According to the S&P/Case-Shiller Home Price Index, the 3rd quarter of 2013 not only showed a significant rise in home prices, but it is the first time that prices have risen by a double-digit percentage.  The gain over the previous year’s numbers for the 3rd Quarter was an 11% gain.  This can be both good news and bad news for economists and market analysts as they try to study the economy’s numbers for signs of a full recovery. Rumors have flown about a double-dip Recession, where inflation will skyrocket, interest rates will rise at a rapid rate, and home prices will once again be at unsustainable high’s creating another “housing bubble.”
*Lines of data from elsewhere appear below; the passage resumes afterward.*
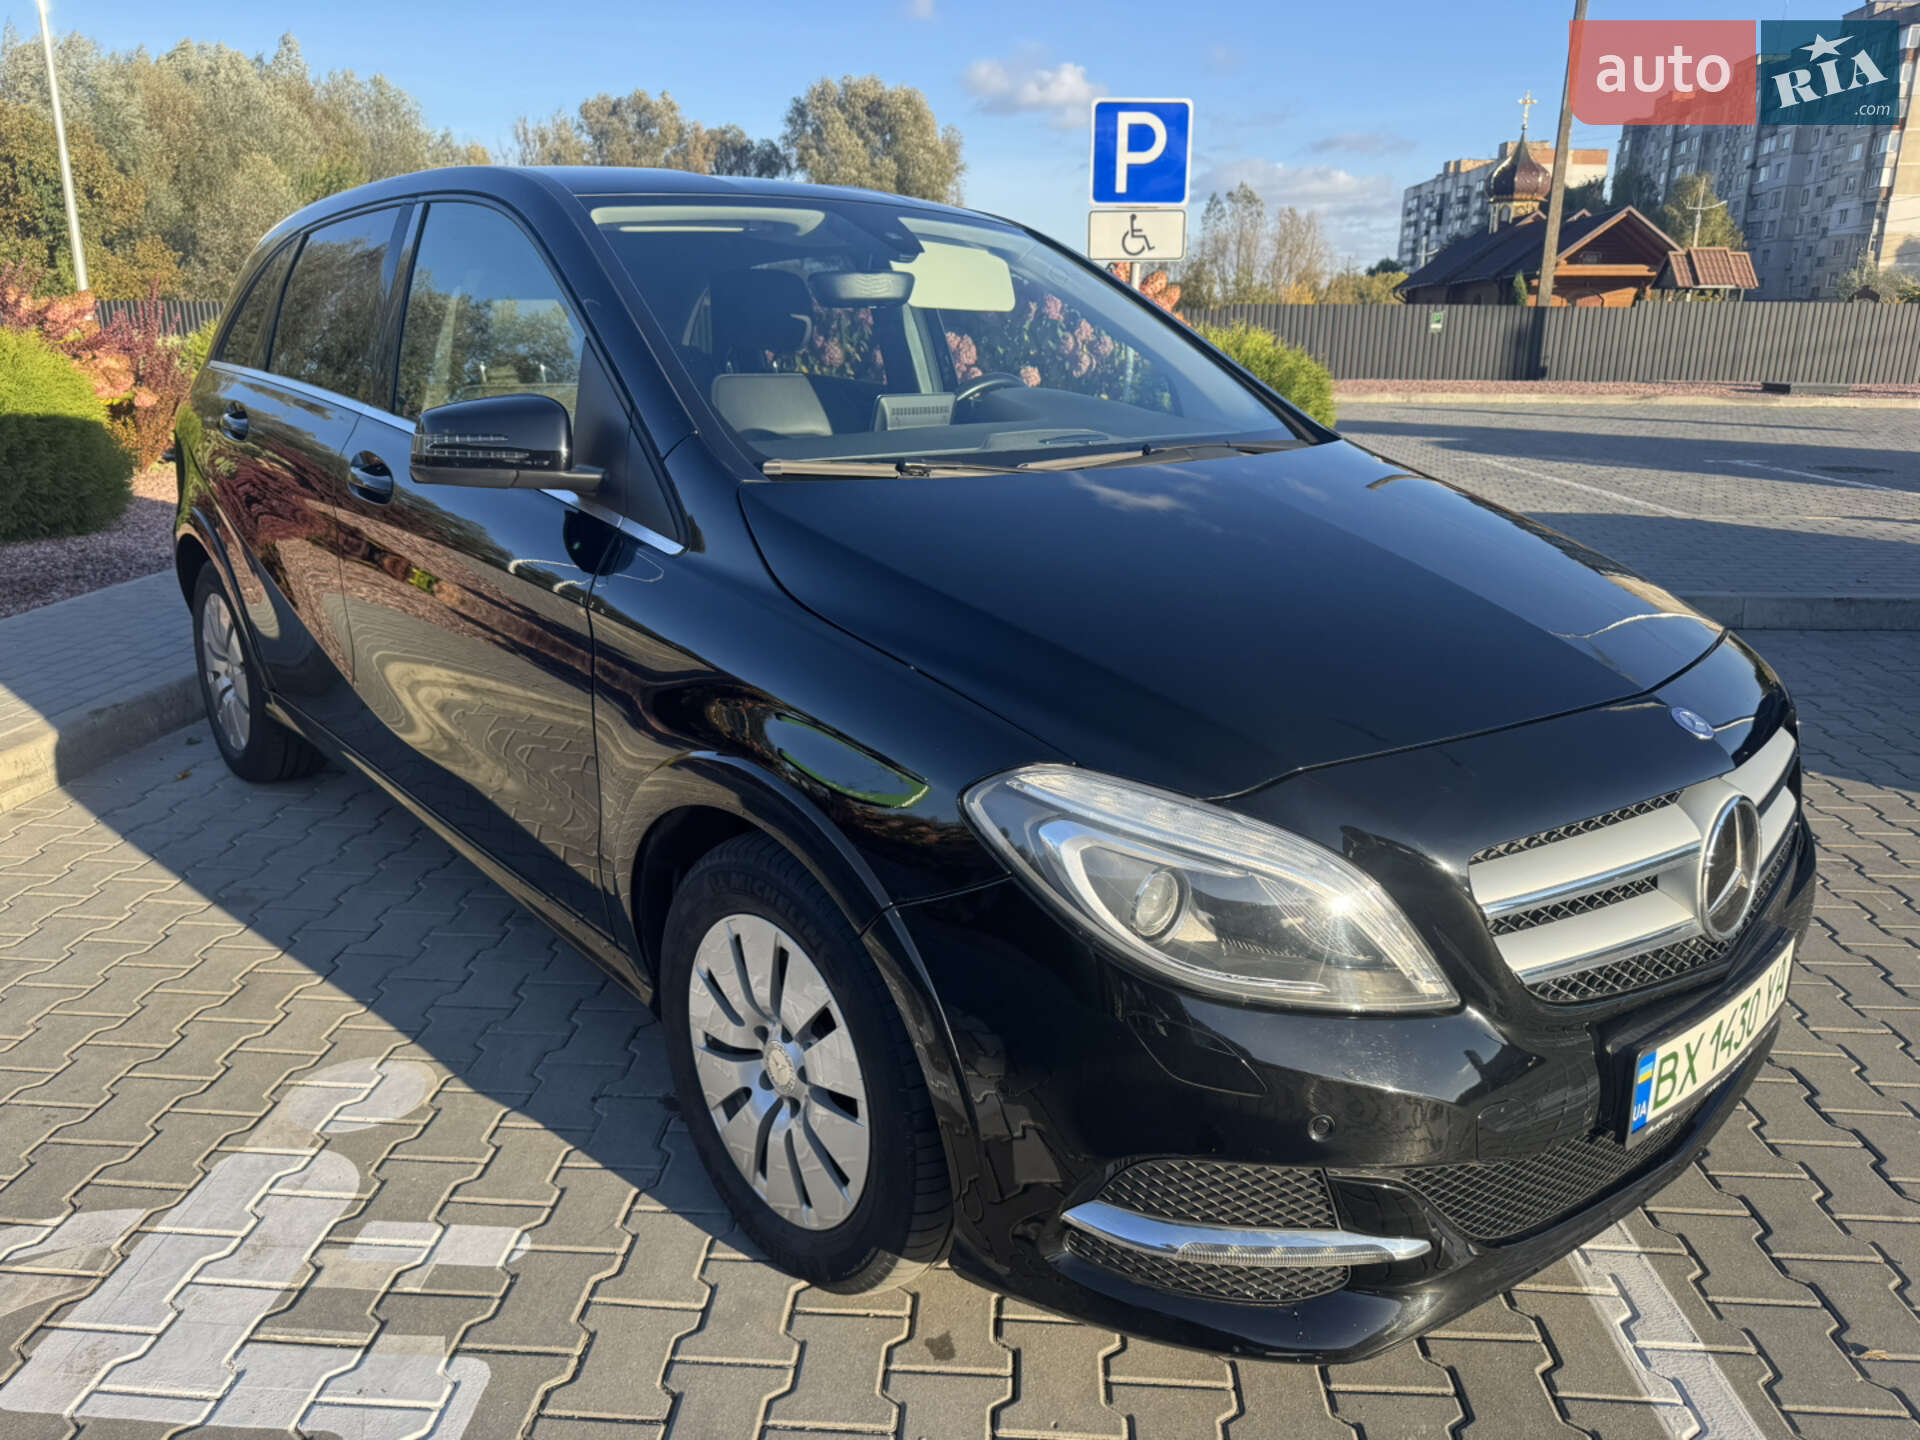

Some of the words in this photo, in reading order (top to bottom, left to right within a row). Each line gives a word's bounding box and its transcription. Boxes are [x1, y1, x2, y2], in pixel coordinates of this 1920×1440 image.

[1115, 111, 1167, 194] P
[1652, 1032, 1705, 1111] BX
[1709, 987, 1761, 1071] 1430
[1632, 1100, 1647, 1121] UA
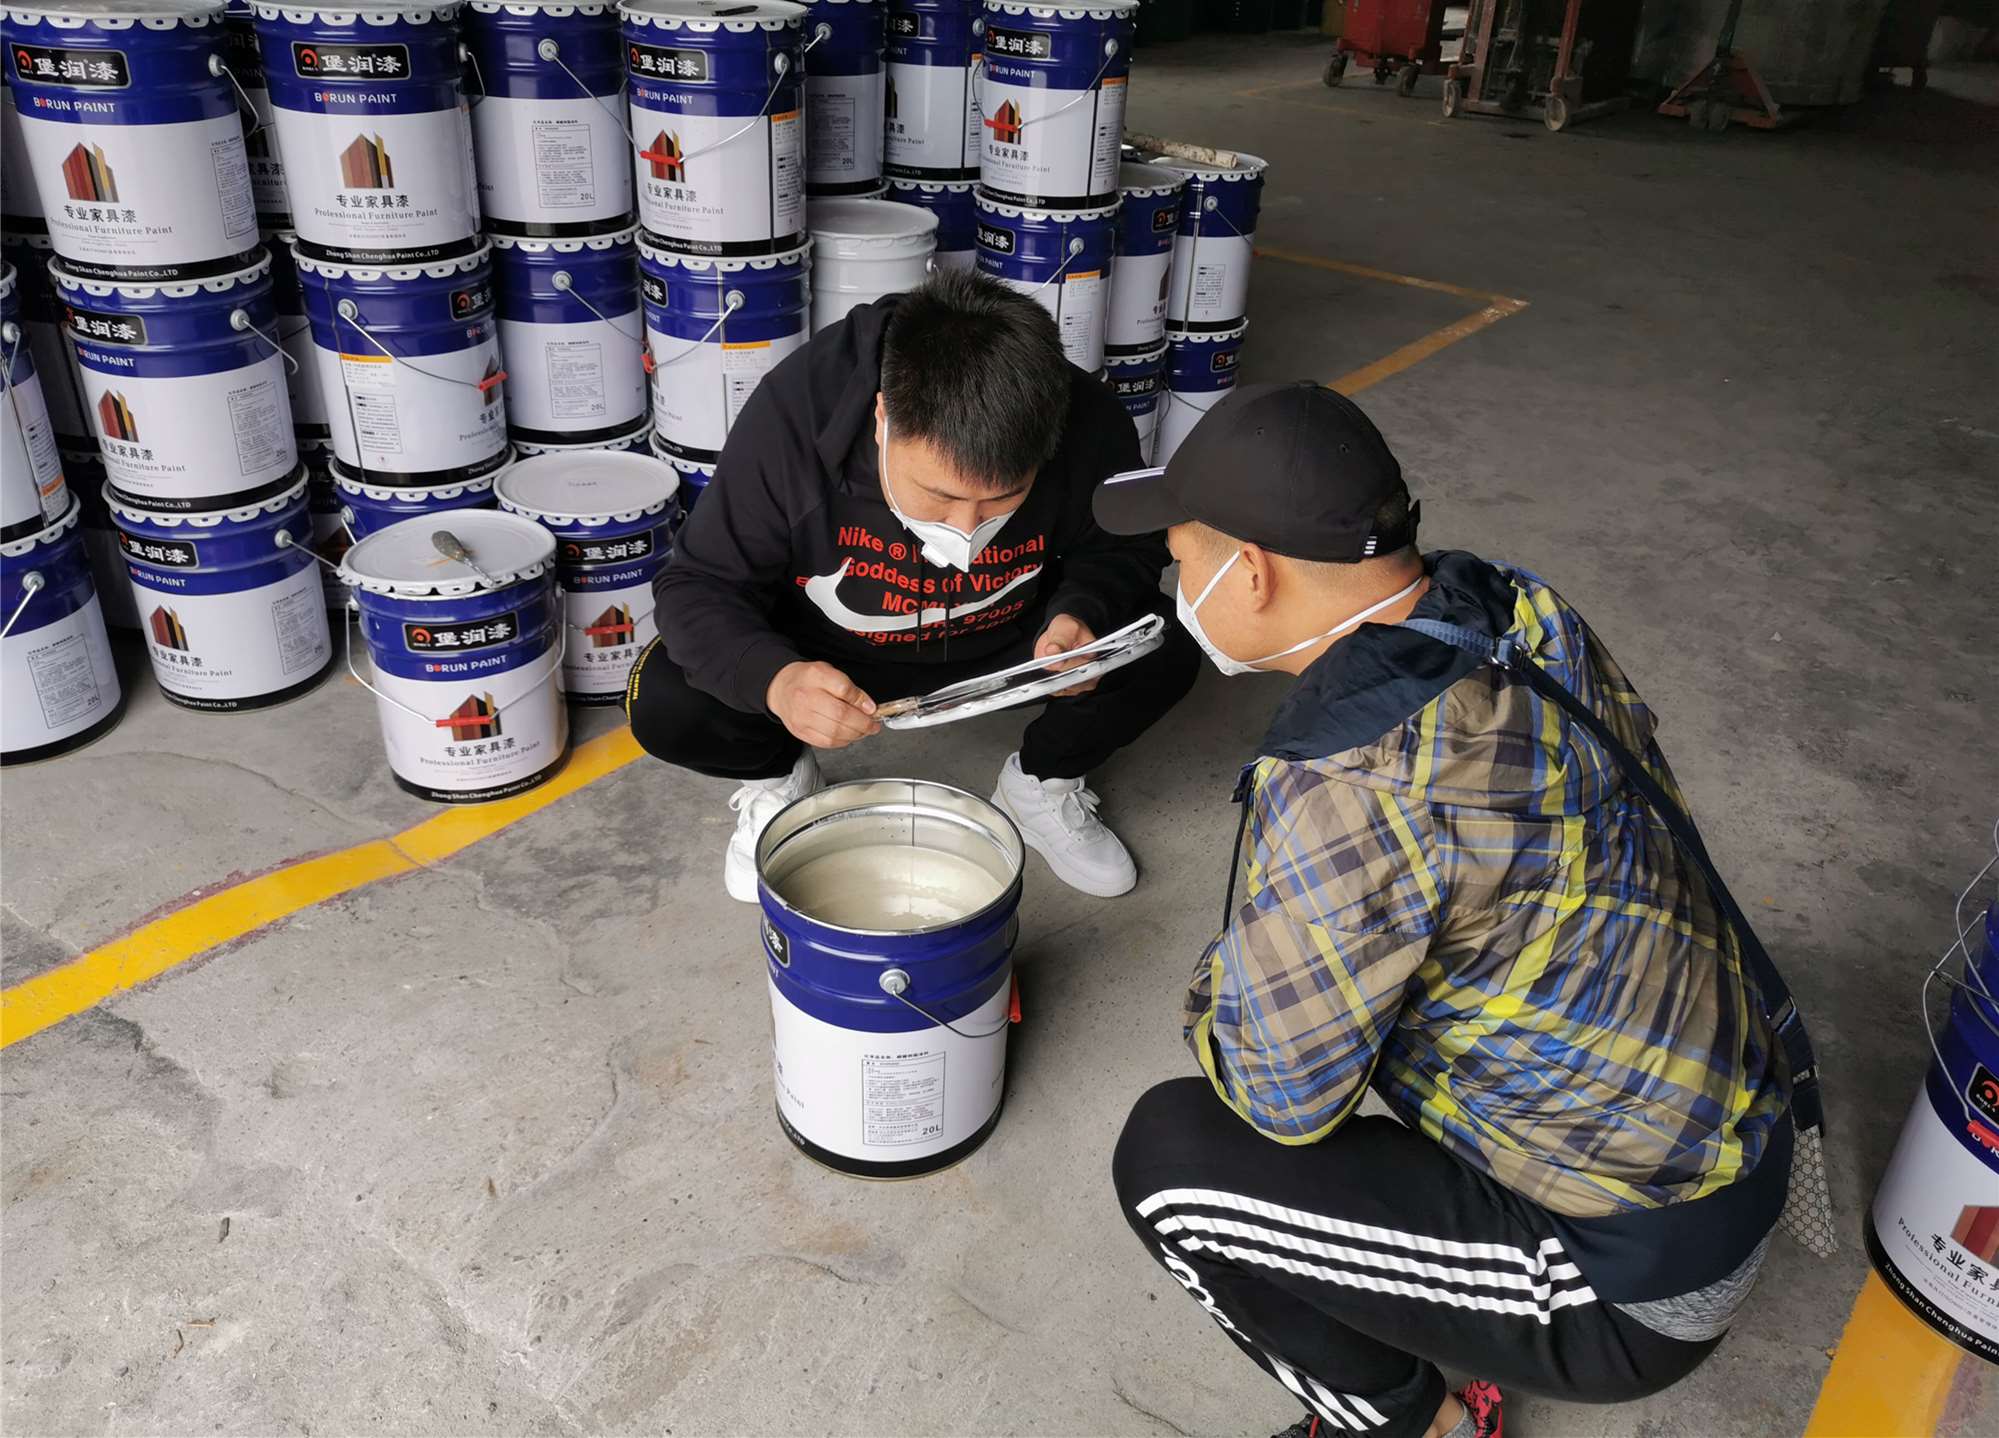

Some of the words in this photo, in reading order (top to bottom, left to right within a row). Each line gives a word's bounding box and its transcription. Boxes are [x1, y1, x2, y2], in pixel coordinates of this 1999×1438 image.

[995, 35, 1043, 55] 堡润漆
[34, 57, 118, 80] 堡润漆
[321, 54, 401, 74] 堡润漆
[640, 54, 699, 76] 堡润漆
[1010, 67, 1034, 79] PAINT
[33, 96, 71, 111] BORUN
[74, 101, 116, 113] PAINT
[314, 91, 356, 104] BORUN
[359, 93, 397, 104] PAINT
[662, 91, 693, 105] PAINT
[336, 194, 410, 208] 专业家具漆
[580, 192, 595, 201] 20L
[64, 205, 137, 223] 专业家具漆
[314, 208, 366, 220] Professional
[368, 212, 413, 220] Furniture
[416, 208, 438, 218] Paint
[702, 206, 725, 215] Paint
[95, 225, 142, 236] Furniture
[145, 225, 173, 235] Paint
[396, 251, 414, 259] Paint
[128, 270, 148, 278] Paint
[74, 315, 137, 340] 堡润漆
[101, 354, 135, 367] PAINT
[161, 464, 186, 472] Paint
[129, 540, 189, 563] 堡润漆
[583, 540, 648, 560] 堡润漆
[838, 527, 884, 552] Nike
[911, 535, 1044, 565] Iational
[155, 575, 186, 587] PAINT
[612, 568, 643, 583] PAINT
[941, 573, 963, 594] of
[969, 562, 1040, 593] Victor
[963, 600, 1025, 625] 97005
[434, 623, 511, 646] 堡润漆
[848, 628, 931, 643] signed
[425, 663, 468, 673] BORUN
[470, 655, 507, 670] PAINT
[444, 737, 515, 757] 专业家具漆
[476, 751, 518, 764] Furniture
[922, 1124, 941, 1136] 20L
[1898, 1217, 1960, 1283] Professional
[1885, 1263, 1905, 1290] Zhong
[1905, 1287, 1925, 1309] Shan
[1925, 1302, 1973, 1343] Chenghua
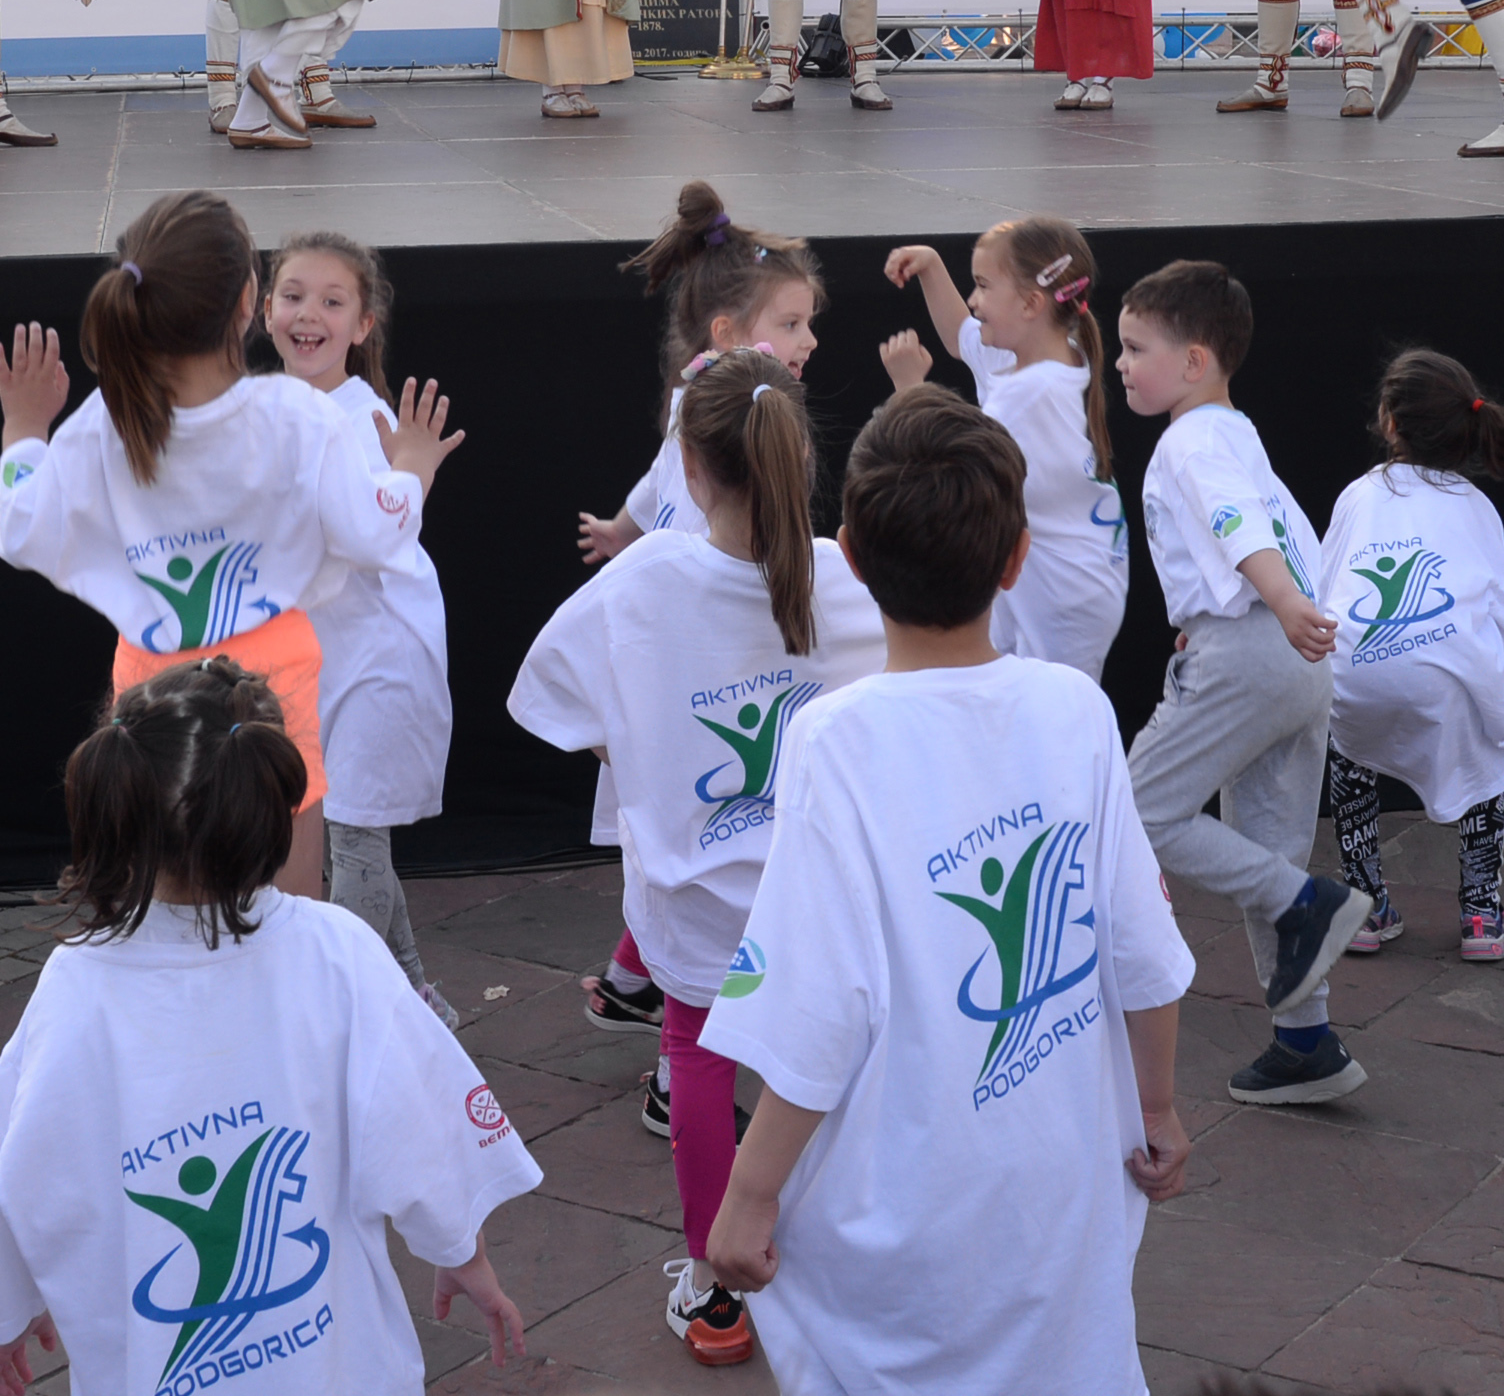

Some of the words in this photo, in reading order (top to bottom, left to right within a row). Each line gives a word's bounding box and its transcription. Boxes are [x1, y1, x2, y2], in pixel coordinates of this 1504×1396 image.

Most analysts who spend a lot of time studying the numbers have no fear that there will be another housing bubble because the increase in home prices has slowed over the last 3 quarters.  There was only a 3% rise in home prices from the 1st and 2nd Quarters where home prices didn’t rise at all, but they just stayed even.

The positive aspect of rising home prices / values is that homeowners that were “underwater” on their loans before now have either “broke even” or have some equity in their homes.  For those that can see that equity, a refinance may be the way to go because even though interest rates have gone up, they are still at historic lows.  The amount of money saved in interest and monthly payments can make it worthwhile to go ahead and refinance the home.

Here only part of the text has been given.